Four Database Security Best Practices to Implement Right Now
How safe is your data center?
If the average budget allocation is any indication, the prognosis isn’t good.
According to the International Data Corporation (IDC), out of $27 billion cumulative worldwide spending on security products, a mere five percent addressed data center security. For businesses who rely on data centers, that’s a staggering shortfall.
Thankfully, a separate report by the Online Trust Alliance found that most security breaches of data centers were easily preventable, if a few simple steps were followed. Out of the top ten database threats identified by Imperva, the majority can be addressed by maintaining a series of best practices incorporated in your business’ day-to-day activities and supplemented by deploying the right applications.
Simply put, you can’t protect critical-business data and applications if you don’t know what data is most sensitive. Despite the old truism, what you don’t know can certainly hurt you, in more ways than one.
For starters, not all data is created equal. A thorough discovery process will identify exactly what data is most at risk of being targeted by attacks. Naturally, this includes financial information, client data, and intellectual property. However, it also must address who has access to that data within your organization, who it’s being shared with, and data permission settings.
Second, database privileges are themselves vulnerable to abuse by insiders both with and without malicious agendas. A well-intentioned email click could easily expose you to malware or comprise your login and password credentials. Copying production data to an unmanaged testing server likewise leaves your data unprotected, which is why permission settings are so vital.
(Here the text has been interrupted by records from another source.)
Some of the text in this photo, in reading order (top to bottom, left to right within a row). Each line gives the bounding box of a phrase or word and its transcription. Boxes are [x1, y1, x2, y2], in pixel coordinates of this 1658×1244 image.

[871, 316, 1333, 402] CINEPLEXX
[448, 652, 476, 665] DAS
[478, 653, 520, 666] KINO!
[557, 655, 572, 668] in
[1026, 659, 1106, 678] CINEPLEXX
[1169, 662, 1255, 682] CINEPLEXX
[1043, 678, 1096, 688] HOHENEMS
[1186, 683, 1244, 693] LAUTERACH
With key digital assets like your intellectual property, financial information, customer information, and research data at stake, comprehensive threat discovery tools like Imperva SecureSphere Database Assessment are built to locate sensitive data down to the database object, row, and column. Combined object-level and column-level classification lets your organization zero in on in-scope data as well as develop granular policies that streamline protection, auditing, and reporting. After sensitive data locations are found, a risk-based prioritization follows to help companies formulate risk mitigation programs and policies.
With cybercrime syndicates, hacktivists, and even opportunistic insiders all waiting for an opening to get past your IT defenses, vigilance has become increasingly vital to keep your data secure. If you know where the threats are coming from, you can stop their progress before your data center gets compromised.
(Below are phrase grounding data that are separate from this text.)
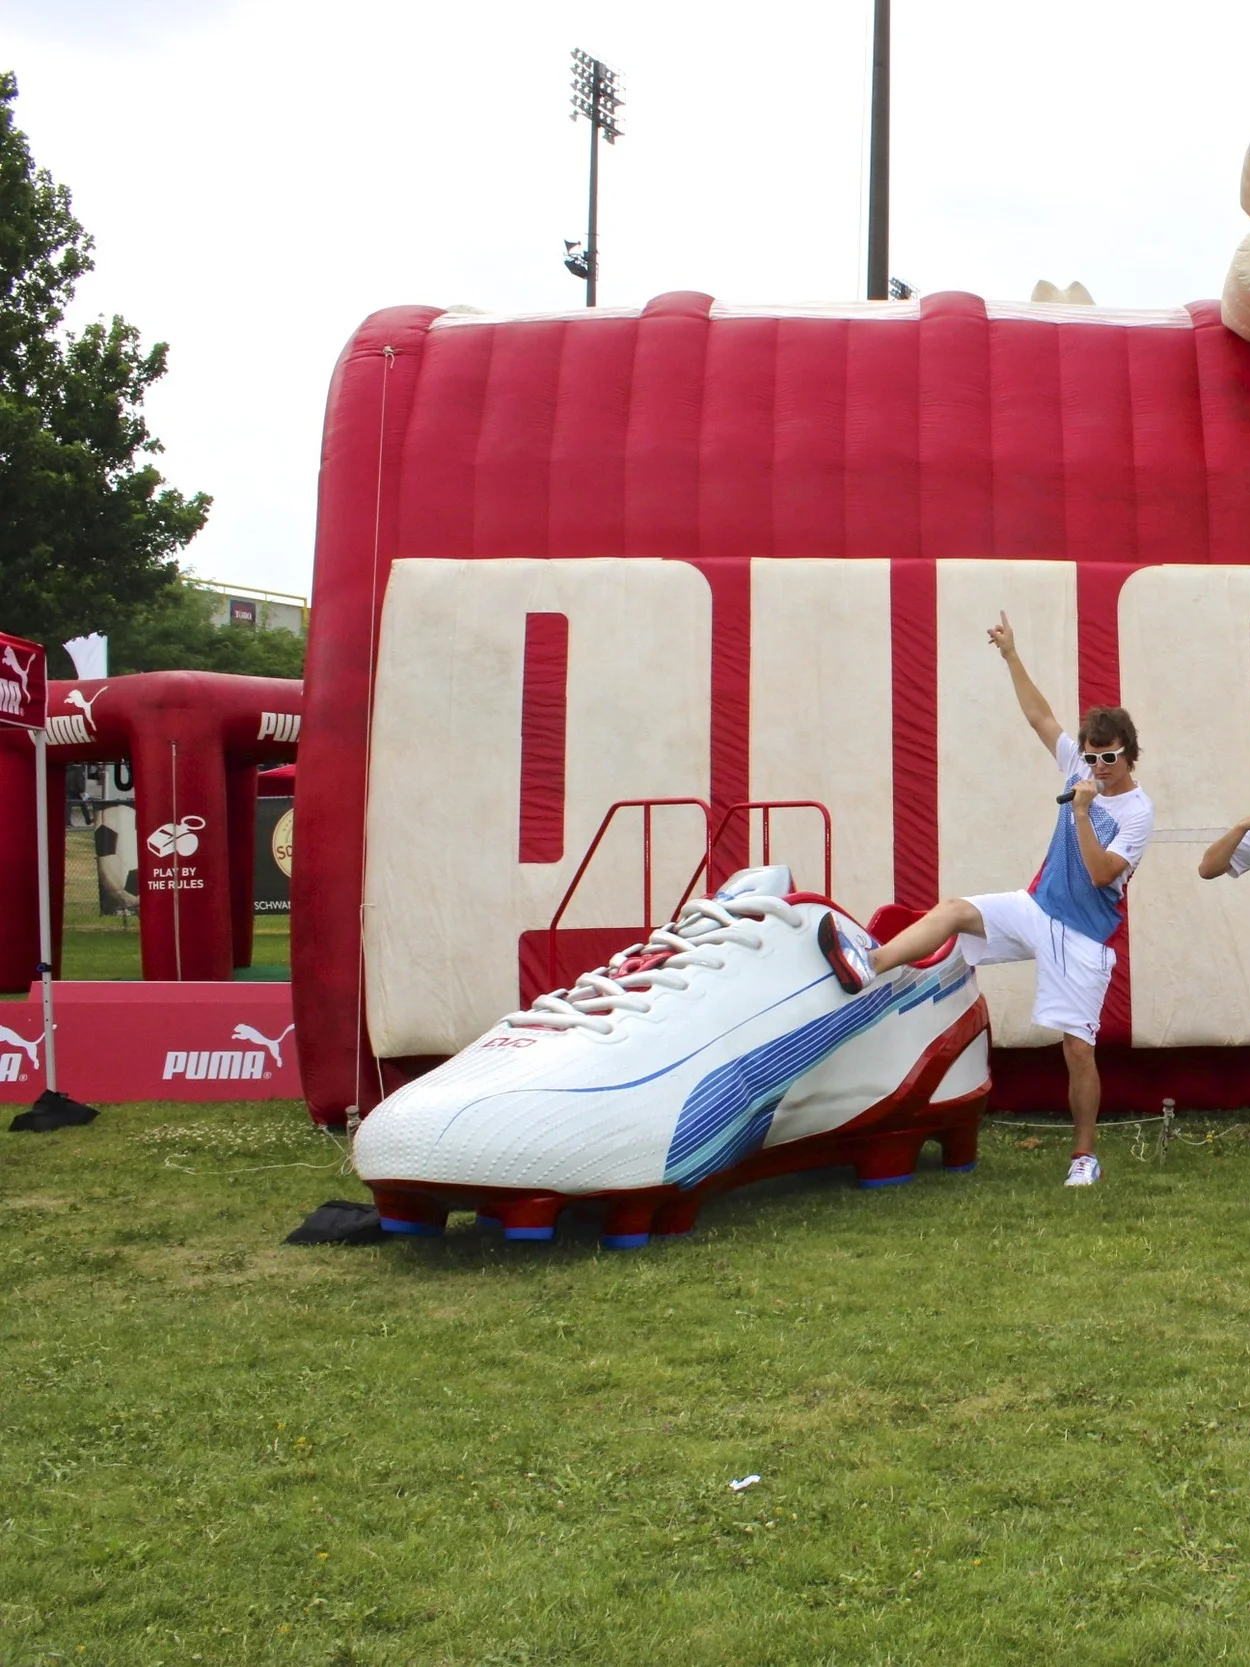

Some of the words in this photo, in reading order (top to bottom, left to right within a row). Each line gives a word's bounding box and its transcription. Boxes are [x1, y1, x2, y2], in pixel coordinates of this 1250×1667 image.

[153, 867, 178, 878] PLAY
[181, 867, 197, 877] BY
[148, 881, 166, 890] THE
[168, 879, 205, 890] RULES
[162, 1051, 266, 1080] PUMA
However, vigilance has its limits. You don’t want monitoring solutions to impact your system’s overall speed and performance. Manual monitoring of the threat horizon is simply too time- and labor-intensive given the diffuse nature of today’s threats. Instead, you need to automate your security and compliance to keep your data safe even with a high volume of database traffic.
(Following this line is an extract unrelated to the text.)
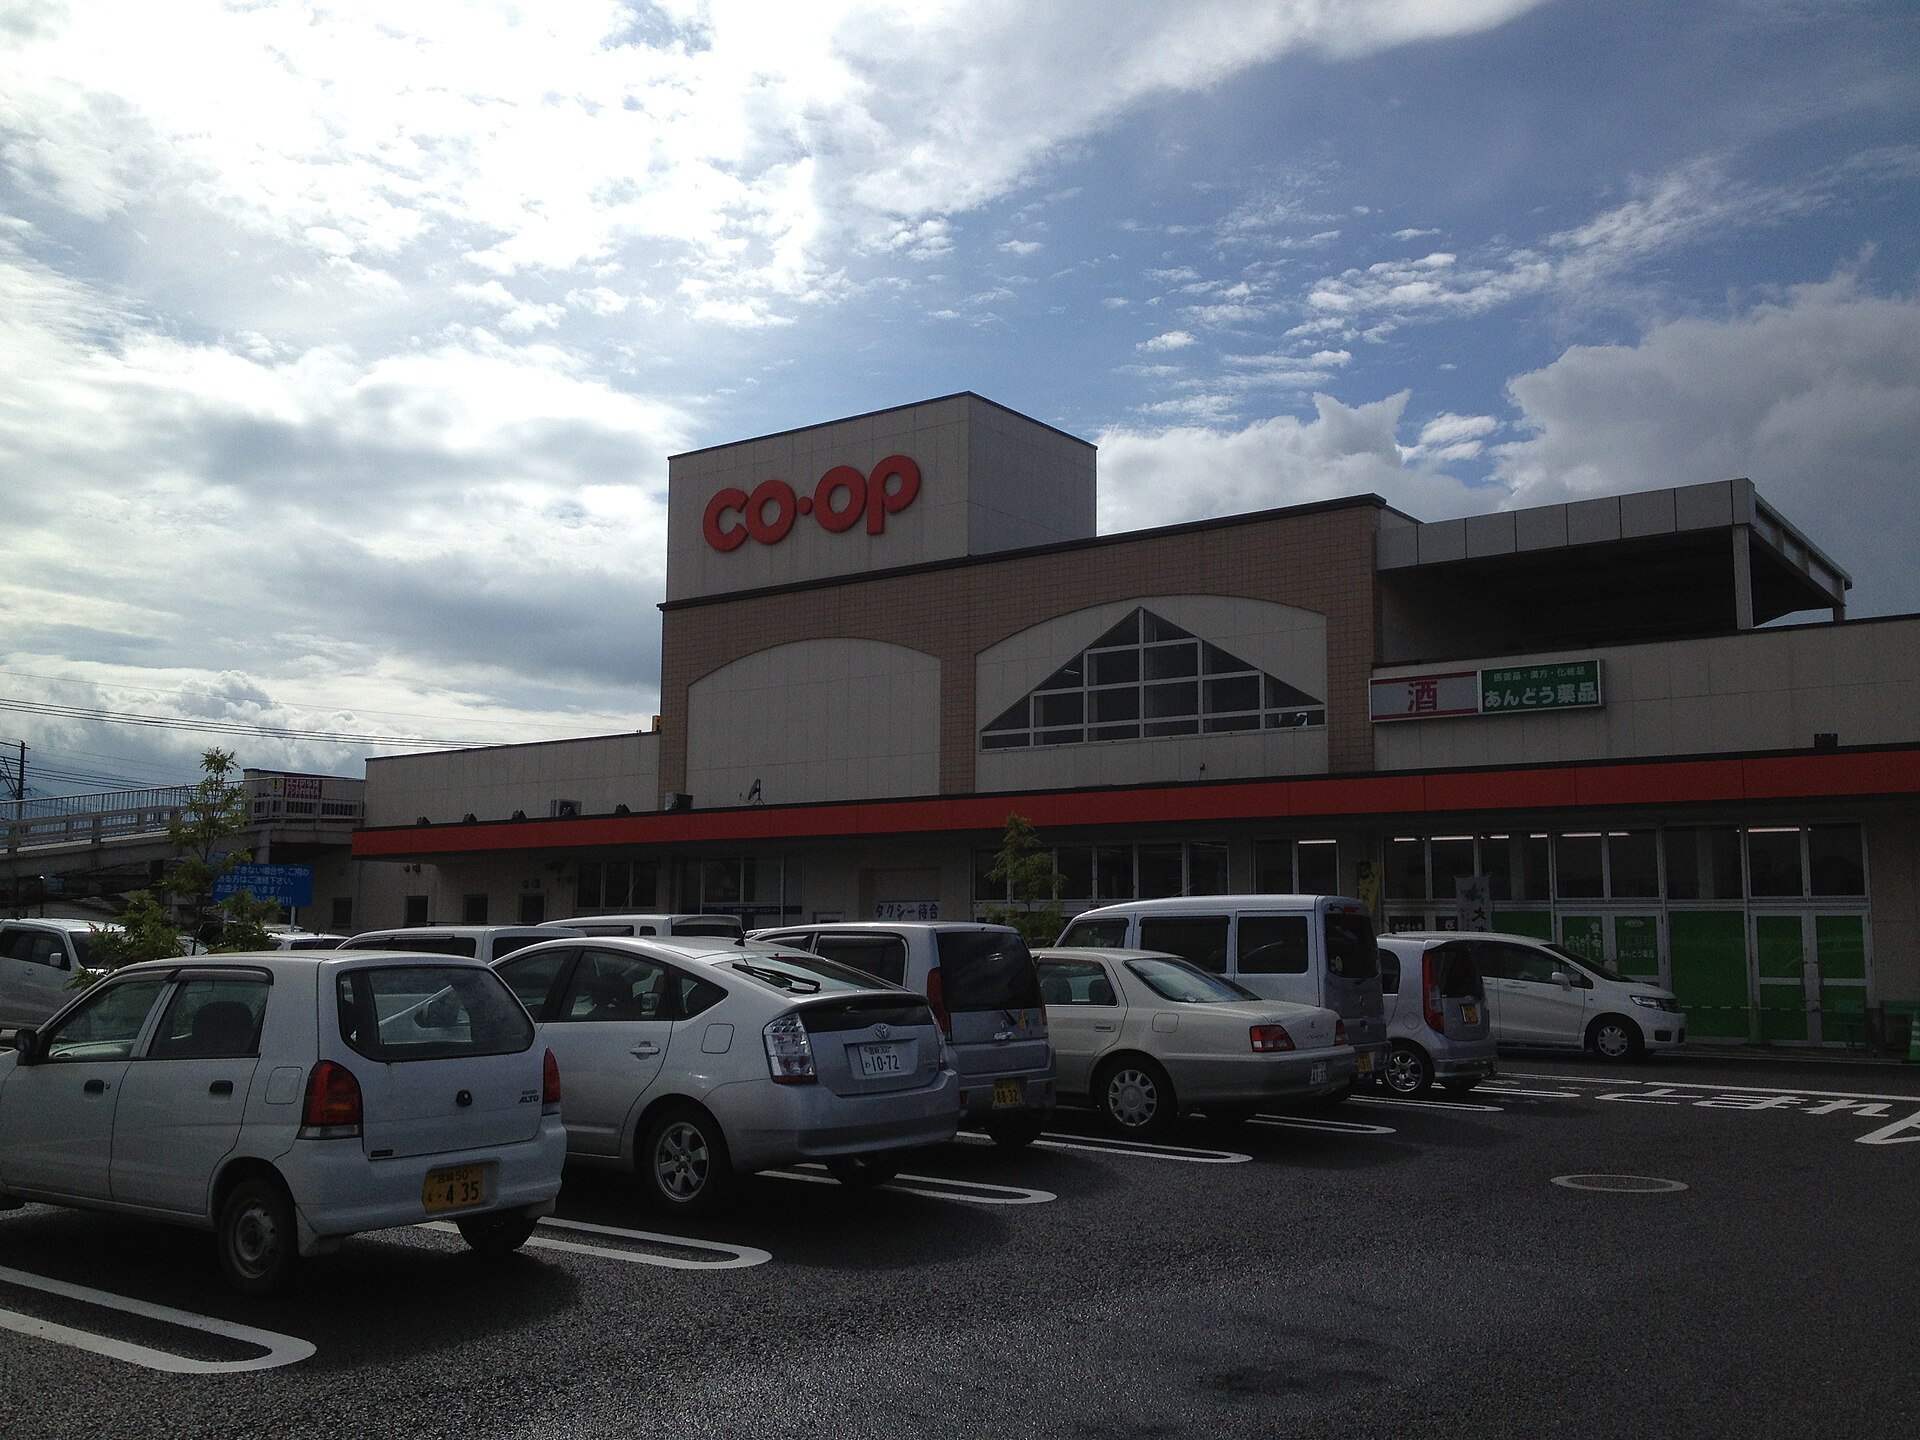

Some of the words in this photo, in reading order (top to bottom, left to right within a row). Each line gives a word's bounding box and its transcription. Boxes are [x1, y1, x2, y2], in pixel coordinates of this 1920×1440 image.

[1408, 680, 1438, 711] 酒
[1485, 682, 1597, 708] あんどう薬品
[519, 1095, 539, 1104] ALTO
[1595, 1088, 1893, 1118] とまれ
Imperva SecureSphere for Data balances these needs by monitoring audit access across all data stores, rectifying user rights for dormant users and unauthorized personnel, and accelerating incident response and analysis. Best of all, it can do all this without negatively affecting system performance, availability, and regulatory compliance.
Sophisticated attacks on your data – like malware, Heartbleed, DROWN, and man-in-the-middle – are often hidden within inoffensive looking but encrypted traffic and, as a result, are all but invisible.
The answer lies in an alert system that constantly updates itself against evolving attack methods. A system that absorbs real-time threat intelligence offers far more protection than a manually-updated database of threats; it also frees security personnel to focus on more important tasks.
Utilities like Imperva SecureSphere Web Application Firewall interpose themselves between your system and the constantly-evolving threats from outside, dynamically learning your system’s “normal” behavior and cross-referencing it with ThreatRadar: a growing, constantly-updated database of threats crowd-sourced from all across the Web.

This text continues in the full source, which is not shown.